By Craig Whitlock and Mary Beth Sheridan
Washington Post Staff Writers
Wednesday, February 9, 2011; 12:00 AM
CAIRO - As Egypt comes under pressure to hold free and fair elections, democracy activists are expressing growing doubts about whether a ballot slated for September is feasible, and fearing that it could set the country's reform movement back even further.
While millions of Egyptians have taken to the streets to clamor for freedom and the removal of President Hosni Mubarak, the country's pro-democracy forces have been so battered and marginalized by decades of repression that advocates say it would take many months - if not years - to lay the groundwork for open and credible elections.
In recent days, U.S. officials have also moved to highlight the risks inherent in staging elections too quickly. Their assessment has been at the heart of the Obama administration's decision to continue backing Mubarak as he clings to power.
Under Egypt's constitution, the country will be required to hold a presidential election within 60 days if Mubarak quits or is pushed out; only candidates handpicked by Mubarak's party would be eligible to run.
Many of those urging a speedier exit for Mubarak acknowledge that the country is not prepared for quick elections.
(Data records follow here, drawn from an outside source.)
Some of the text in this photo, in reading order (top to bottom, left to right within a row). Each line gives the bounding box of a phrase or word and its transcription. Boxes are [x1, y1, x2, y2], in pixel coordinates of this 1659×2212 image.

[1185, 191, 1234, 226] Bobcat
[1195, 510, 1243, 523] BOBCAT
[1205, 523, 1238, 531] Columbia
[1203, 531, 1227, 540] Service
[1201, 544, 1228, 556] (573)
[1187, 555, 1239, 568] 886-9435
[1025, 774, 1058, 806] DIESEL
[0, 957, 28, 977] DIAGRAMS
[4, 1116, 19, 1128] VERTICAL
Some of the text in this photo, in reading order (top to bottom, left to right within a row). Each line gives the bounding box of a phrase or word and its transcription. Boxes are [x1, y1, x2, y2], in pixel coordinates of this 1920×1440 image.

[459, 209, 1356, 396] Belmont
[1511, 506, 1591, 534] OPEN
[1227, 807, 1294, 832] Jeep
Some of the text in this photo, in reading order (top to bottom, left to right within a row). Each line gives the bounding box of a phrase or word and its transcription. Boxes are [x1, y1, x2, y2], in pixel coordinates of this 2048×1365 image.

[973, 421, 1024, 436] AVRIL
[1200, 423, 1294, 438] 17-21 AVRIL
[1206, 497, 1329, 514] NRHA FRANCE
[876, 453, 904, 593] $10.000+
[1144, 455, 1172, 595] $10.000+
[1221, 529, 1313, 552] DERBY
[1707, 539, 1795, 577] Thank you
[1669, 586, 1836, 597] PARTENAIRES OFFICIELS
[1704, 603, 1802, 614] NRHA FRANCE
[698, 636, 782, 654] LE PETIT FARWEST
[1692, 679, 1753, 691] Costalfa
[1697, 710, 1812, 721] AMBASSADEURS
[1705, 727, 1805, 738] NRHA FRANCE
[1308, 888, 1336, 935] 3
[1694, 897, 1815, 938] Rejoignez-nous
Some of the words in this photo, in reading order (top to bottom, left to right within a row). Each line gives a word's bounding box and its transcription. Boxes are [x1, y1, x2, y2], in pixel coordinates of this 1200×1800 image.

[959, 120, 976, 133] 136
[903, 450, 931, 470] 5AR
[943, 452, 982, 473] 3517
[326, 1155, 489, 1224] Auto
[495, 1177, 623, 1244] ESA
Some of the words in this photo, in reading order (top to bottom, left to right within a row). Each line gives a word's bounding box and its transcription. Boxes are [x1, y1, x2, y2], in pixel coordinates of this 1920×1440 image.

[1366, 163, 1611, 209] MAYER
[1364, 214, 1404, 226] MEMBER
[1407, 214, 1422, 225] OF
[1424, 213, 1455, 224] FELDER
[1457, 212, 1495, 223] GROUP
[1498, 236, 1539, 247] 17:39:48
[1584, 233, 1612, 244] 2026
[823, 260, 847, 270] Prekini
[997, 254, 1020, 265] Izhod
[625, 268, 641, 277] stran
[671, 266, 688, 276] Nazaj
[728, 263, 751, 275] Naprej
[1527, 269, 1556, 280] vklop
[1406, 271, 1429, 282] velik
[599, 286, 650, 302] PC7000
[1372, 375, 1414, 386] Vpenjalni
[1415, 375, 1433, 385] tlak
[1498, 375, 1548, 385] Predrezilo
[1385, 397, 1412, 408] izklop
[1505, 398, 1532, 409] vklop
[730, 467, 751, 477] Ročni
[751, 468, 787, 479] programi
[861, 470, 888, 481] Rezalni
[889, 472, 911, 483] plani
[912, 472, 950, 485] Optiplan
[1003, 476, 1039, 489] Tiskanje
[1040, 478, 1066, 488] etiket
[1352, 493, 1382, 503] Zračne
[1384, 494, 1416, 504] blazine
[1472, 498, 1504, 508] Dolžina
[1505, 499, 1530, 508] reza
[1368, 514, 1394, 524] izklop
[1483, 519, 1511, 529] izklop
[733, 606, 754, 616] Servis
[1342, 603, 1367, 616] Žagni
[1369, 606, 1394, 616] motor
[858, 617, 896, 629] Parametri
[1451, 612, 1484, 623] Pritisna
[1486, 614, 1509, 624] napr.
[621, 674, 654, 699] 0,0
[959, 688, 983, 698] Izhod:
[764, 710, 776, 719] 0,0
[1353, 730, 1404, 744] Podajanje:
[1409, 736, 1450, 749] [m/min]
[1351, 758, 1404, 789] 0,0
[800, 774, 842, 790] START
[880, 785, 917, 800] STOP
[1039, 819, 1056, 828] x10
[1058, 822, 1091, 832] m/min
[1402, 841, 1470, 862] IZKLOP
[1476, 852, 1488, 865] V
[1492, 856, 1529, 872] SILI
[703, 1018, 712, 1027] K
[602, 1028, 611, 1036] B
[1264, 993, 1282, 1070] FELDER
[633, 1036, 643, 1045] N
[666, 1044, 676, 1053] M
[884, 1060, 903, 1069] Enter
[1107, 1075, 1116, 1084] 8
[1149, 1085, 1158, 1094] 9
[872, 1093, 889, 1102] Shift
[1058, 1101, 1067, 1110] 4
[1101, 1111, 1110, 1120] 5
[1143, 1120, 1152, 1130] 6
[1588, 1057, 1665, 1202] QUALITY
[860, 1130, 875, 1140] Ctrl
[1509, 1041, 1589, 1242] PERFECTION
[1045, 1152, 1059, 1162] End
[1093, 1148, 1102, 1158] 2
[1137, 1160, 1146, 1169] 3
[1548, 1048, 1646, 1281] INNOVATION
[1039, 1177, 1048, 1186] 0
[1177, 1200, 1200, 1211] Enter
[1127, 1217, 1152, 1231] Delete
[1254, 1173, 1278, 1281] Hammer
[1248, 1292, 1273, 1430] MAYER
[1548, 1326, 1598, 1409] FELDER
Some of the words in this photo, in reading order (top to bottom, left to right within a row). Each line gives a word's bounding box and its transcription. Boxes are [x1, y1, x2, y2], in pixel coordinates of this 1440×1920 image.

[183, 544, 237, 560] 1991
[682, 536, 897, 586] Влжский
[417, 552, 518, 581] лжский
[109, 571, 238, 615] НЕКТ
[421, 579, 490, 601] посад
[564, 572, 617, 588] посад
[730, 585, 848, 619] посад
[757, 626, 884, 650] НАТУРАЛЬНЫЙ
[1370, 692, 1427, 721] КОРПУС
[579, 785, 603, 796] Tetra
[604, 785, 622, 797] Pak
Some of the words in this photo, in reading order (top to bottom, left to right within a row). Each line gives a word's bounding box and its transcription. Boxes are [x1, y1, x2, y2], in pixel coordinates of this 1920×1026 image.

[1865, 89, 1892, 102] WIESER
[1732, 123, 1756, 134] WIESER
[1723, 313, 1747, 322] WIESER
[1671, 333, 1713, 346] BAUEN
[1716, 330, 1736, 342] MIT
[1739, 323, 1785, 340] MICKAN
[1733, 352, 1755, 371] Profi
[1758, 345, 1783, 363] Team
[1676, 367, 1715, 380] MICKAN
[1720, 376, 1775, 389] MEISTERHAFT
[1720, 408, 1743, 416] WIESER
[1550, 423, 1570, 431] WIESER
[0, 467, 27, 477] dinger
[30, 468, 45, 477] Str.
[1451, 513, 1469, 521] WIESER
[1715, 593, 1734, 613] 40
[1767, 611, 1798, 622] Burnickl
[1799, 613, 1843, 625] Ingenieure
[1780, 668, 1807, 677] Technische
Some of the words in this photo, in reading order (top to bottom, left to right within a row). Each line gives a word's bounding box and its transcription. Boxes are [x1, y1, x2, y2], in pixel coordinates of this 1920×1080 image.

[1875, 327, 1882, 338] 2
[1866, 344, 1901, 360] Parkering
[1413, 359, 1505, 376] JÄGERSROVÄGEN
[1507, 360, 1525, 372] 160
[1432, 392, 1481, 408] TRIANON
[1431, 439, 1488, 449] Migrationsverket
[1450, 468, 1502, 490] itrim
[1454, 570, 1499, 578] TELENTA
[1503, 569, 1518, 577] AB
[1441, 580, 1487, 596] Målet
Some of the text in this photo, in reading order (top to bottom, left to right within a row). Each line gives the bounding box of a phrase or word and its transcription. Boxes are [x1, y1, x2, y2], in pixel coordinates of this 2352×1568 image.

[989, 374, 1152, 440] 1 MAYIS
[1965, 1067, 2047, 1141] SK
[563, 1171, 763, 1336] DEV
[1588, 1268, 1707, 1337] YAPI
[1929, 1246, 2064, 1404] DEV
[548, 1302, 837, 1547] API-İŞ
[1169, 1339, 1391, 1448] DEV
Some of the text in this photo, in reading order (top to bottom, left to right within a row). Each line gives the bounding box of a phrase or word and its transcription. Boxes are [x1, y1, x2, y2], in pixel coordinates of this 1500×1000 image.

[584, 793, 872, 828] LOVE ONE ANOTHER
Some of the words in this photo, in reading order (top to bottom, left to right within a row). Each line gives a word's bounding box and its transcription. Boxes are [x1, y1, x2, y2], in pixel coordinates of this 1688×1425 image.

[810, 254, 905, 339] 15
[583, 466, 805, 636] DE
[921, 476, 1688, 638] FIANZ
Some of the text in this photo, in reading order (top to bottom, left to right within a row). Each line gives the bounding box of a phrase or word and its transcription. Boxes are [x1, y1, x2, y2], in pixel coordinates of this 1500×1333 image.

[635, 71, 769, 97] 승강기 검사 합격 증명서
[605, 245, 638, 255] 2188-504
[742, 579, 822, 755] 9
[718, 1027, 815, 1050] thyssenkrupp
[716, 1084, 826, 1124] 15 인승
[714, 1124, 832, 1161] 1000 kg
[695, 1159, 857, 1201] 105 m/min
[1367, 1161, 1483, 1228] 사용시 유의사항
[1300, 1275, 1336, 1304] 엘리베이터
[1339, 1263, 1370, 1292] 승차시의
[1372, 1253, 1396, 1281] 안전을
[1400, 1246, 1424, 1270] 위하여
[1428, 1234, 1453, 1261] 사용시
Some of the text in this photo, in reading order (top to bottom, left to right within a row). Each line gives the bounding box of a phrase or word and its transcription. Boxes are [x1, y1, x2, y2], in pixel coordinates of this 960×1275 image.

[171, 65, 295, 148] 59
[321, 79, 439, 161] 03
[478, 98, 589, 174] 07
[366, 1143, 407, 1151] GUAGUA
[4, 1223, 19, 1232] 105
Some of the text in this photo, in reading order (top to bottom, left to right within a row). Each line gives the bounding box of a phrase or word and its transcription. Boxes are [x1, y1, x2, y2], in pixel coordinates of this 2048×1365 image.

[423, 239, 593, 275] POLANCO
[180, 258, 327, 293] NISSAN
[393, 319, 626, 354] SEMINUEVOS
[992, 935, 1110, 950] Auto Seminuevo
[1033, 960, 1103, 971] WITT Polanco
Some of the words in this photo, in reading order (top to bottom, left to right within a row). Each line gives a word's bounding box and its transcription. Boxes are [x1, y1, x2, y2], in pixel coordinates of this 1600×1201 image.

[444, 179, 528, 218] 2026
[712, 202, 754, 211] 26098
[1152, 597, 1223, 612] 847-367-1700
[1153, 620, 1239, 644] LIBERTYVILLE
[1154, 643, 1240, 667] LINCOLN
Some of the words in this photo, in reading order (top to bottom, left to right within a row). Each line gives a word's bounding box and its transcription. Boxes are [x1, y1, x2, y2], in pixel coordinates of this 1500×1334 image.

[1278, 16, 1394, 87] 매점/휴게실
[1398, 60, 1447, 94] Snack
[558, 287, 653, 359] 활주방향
Some of them support the idea of a transitional government that might take power soon and then wield power for as long as a year, putting off a presidential election until early 2012.
"I'm shocked by what the Americans say - that Mubarak must stay as president so we can prepare for new elections,'' said Negad El Borai, a human rights advocate and lawyer in Cairo. "Mubarak must leave, and then we can talk."
Borai said a caretaker president and prime minister should take over from Mubarak and oversee a coalition government, perhaps for as long as a year, until a proper election can be held.
But there is no guarantee that such a process would go smoothly in a country without democratic institutions. Elections staged last year in Afghanistan were widely viewed as flawed; in Iraq, talks to form a government dragged on for months after parliamentary balloting.
The last time Mubarak promised a fair election in Egypt, for a parliamentary vote in November, ballot boxes were stuffed, cash bribes were handed out, voters were menaced by thugs and international observers were banned from the country. Most of the opposition simply gave up, and Mubarak's party kept the parliament in a landslide.
"We need a new constitution and complete changes of the whole political scene," said Hala Mustafa, editor in chief of the Democracy Review, an academic journal and a rare independent voice in Egypt's political scene. Mubarak's ruling party and the handful of token opposition parties, she added, "should disappear, because they do not represent anyone."
Egypt has no laws governing campaign contributions and advertisements. Independent polling is also illegal, making it almost impossible to predict who would benefit if Egyptian voters were given a free choice.
"Nobody has a clue what anybody thinks or wants in this whole country," said one pro-democracy activist in Cairo, who spoke on the condition of anonymity for fear of reprisal.'It could be done'
Among the institutions that advocates say are essential to free elections are political parties, campaign laws, an independent judiciary and a culture of free speech. Given the absence of these in Egypt now, U.S. officials have implied that it is better to let Mubarak stay until his term ends in September than to have a rushed election beforehand.
"You don't want to get to September, have a failed election and have people say, 'Wait a minute. What was the point of all of this?' " Secretary of State Hillary Rodham Clinton said Sunday. "You want to help set the stage for the kind of credible, legitimate elections that are going to produce winners that people will believe - whether they voted for them or not - represent Egypt."
Asked whether Egypt could accomplish that by September, Clinton told reporters: "It's up to them. But I think, with a concerted effort, with the kind of timelines and concrete steps I'm calling for, it could be done."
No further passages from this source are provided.